For certain pairs of colors, bad implementations of this averaging can produce chroma-into-luma artifacts, as FrankenGraphics discovered.

But for these specific patterns, it mostly seems ok:
nes-pseudo-colors-3-pal.png
(In gimp, I took the original image, scaled it horizontally 279% linearly and vertically 200% nearest neighbor, "decomposed" the image to YCbCr, made copies of blueness and redness and shifted them by equivalent-to-64µs (2 pixels down, 1 pixel left) and averaged them, and "recomposed" the image back to RGB.)
and pixel-perfect setups.
That's part of why I included the source images, so that you could evaluate that for yourself. But I think it's worth pointing out that these specific dither patterns will look best on NTSC ... as long as you permit the missing dot. They'll look worst (they'll flicker at 20Hz) if you disable rendering at the top of the field for more PPU bandwidth.

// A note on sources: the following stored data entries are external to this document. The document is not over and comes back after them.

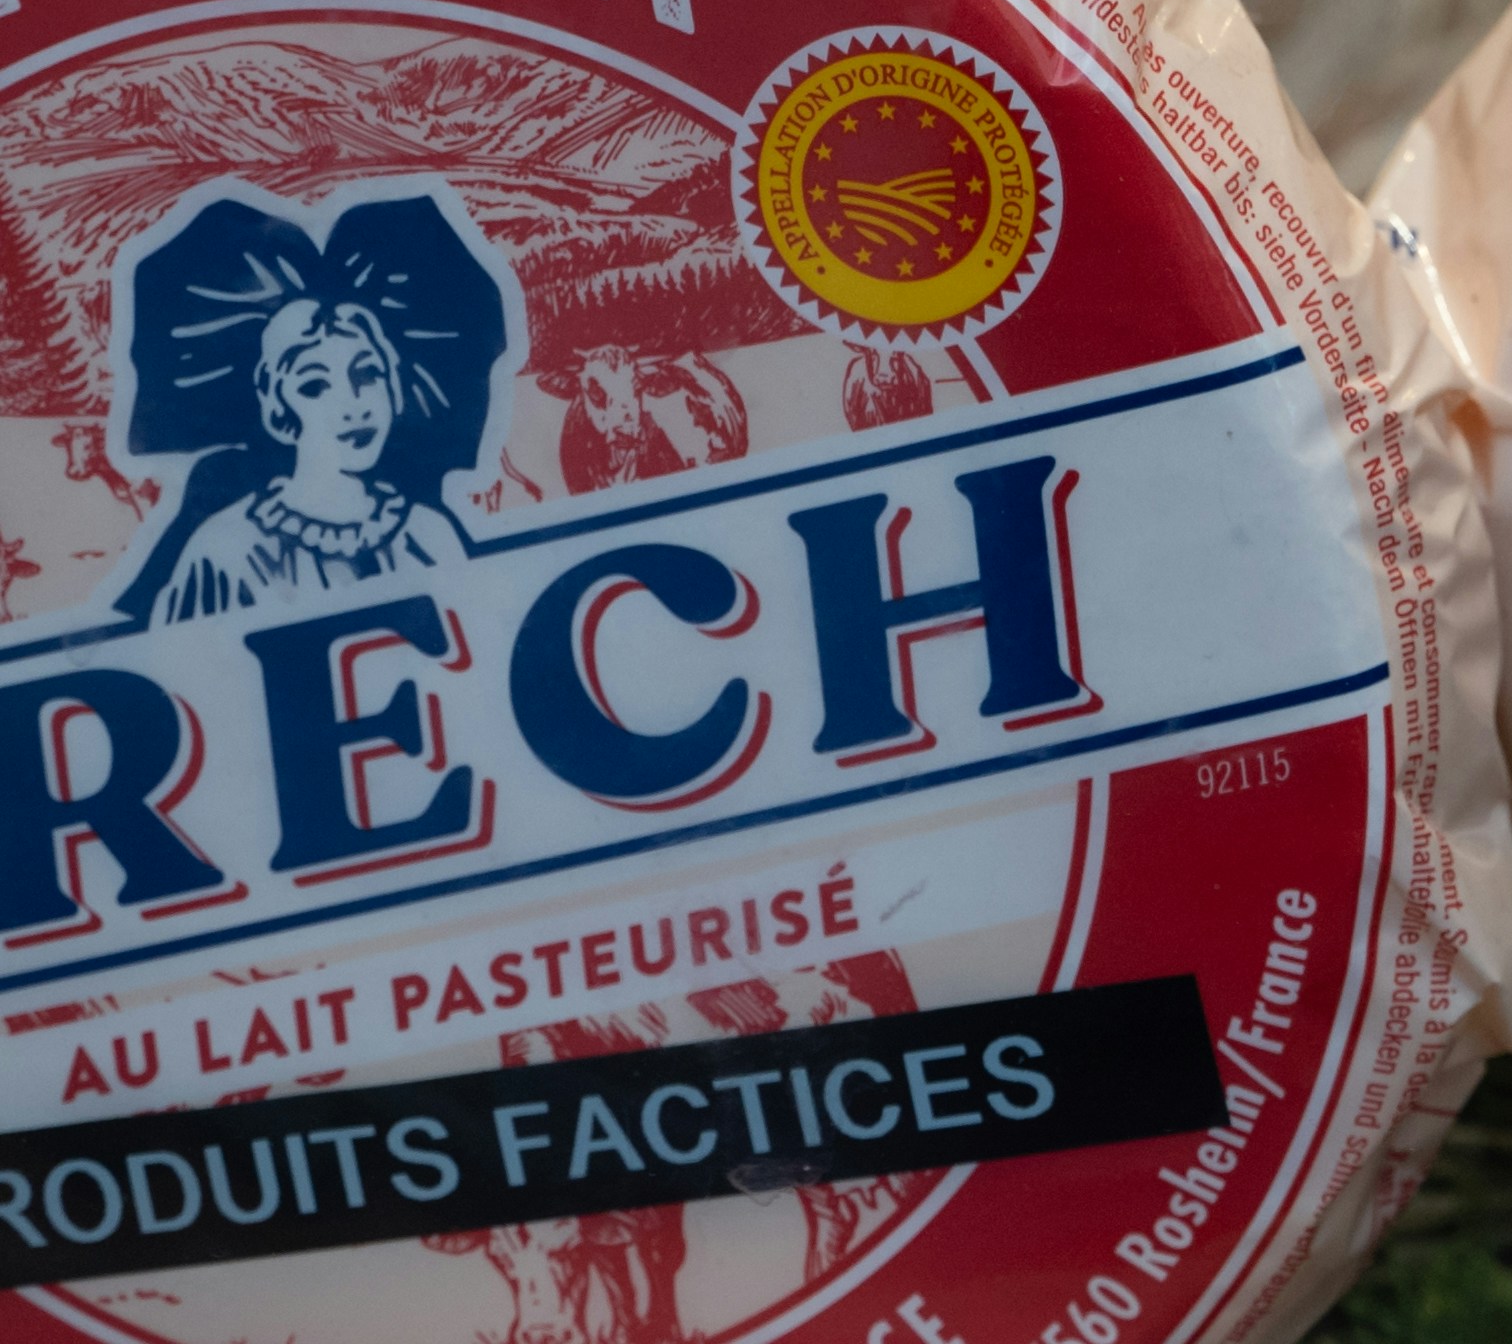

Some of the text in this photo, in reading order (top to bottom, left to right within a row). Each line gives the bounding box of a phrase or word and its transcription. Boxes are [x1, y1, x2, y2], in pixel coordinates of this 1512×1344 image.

[770, 63, 1029, 262] APPELLATION D'ORIGINE PROTÉGÉE
[1152, 89, 1228, 174] haltbar
[1254, 222, 1304, 291] siehe
[1298, 288, 1371, 435] Vorderseite
[1168, 69, 1260, 182] ouverture,
[1261, 179, 1339, 286] recouvrir
[1332, 292, 1362, 351] d'un
[1421, 597, 1440, 752] consommer
[1362, 455, 1396, 530] Nach
[1377, 534, 1406, 592] dem
[1395, 597, 1418, 691] Öffnen
[1198, 747, 1291, 799] 92115
[61, 861, 860, 1103] AU LAIT PASTEURISÉ
[493, 1034, 1056, 1188] FACTICES

And every other dither pattern will have more chroma fringing.
I'd have to create combinations that result in similar sets of 16 colors for all these cases, and for that to be possible I'd probably have to stick to a fixed set of 16 colors for each level, since changing the bar colors progressively would impact the pseudo-colors in different ways.
They mostly just linearly interpolated. Hence why I rearranged the first image in the way I did.

Perhaps this is a more philosophical point: your thread-starting 16-color palette has 10 colors that are approximately independent, and only 4 of them are forced to come along for the ride if you change one of the primaries. In contrast, my 9-color palette uses each primary in 5 of the available hues, multiplied by however you dim things.
I also wonder if the 3-color patterns will still behave as desired when used in small 4x2-pixel areas, the size of a single software pixel.
Now that is a good question. Do you have a mockup I could paint these patterns into so that I could throw them into nes_ntsc ? Preferably with less effort than de-dithering your GIFs in this post ?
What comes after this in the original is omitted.